Thursday, 25 de April de 2024 ISSN 1519-7670 - Ano 24 - nº 1284

A informação, a velocidade e o vazio

IMPASSES DA IMPRENSA

Ivo Lucchesi (*)

Em artigo anterior, a reflexão proposta recaiu sobre o embate entre a verdade e a informação [veja remissão abaixo]. Desta feita, o foco crítico desliza para outro ângulo: a tensão entre informação e velocidade, que Paul Virilio costuma identificar como a síndrome da "dromologia".

A dinâmica da modernidade, apoiada em novos mecanismos de transmissão, acelerou o trânsito das informações, desconfigurando o propósito maior do ofício jornalístico. Informar é, inegavelmente, uma prerrogativa inevitável para os caminhos da modernidade. Todavia, tornou-se quase irrelevante a discussão acerca do "informar o quê", e "informar como?" parece ser uma preocupação cada vez menos presente, nesse quadro atribulado e atordoante no qual se situa a velocidade cotidiana. A preocupação com critérios e o cuidado com a qualidade dos conteúdos sugerem aspectos varridos pela tirania de perfil dromológico. Com isso, a informação perdeu o fundamento que lhe dava suporte, tornando-se, quando não dispensável, dispersa ? uma espécie de "diáspora da comunicação". Em outros termos, a informação passou a ser uma "forma" sem conteúdo. Daí para a tematização da banalidade foi um passo tão previsível quanto inevitável.

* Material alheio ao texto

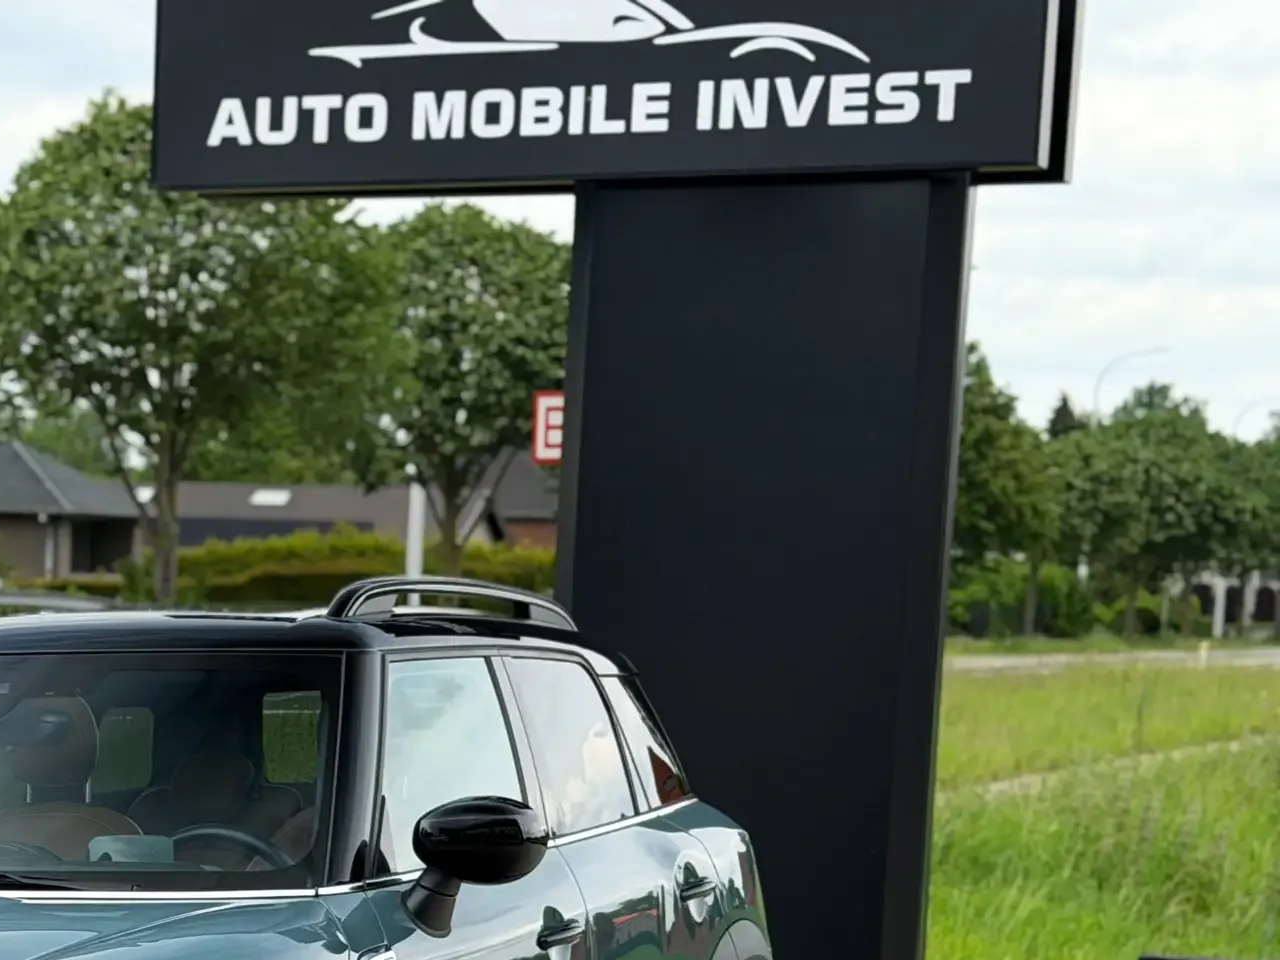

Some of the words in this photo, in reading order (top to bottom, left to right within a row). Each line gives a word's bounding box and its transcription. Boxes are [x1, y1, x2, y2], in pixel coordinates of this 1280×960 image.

[206, 93, 388, 147] AUTO
[411, 82, 672, 141] MOBILE
[696, 69, 972, 131] INVEST

Informação banal e vida trivial

Num certo sentido, parece cômodo o registro crítico pontuado no parágrafo acima. Culpa-se a mídia oficial e vitimiza-se o corpo societário que lhe serve de refém. Esse enredo os teóricos da comunicação, sob a liderança de Theodor Adorno e Max Horkheimer, exaustivamente, descreveram. A novela, porém, envelheceu. É hora, pois, de renovar o "bode expiatório", tirando dos leitores (ou consumidores) habituais a máscara da inocência. Pelo menos, vamos repartir a responsabilidade.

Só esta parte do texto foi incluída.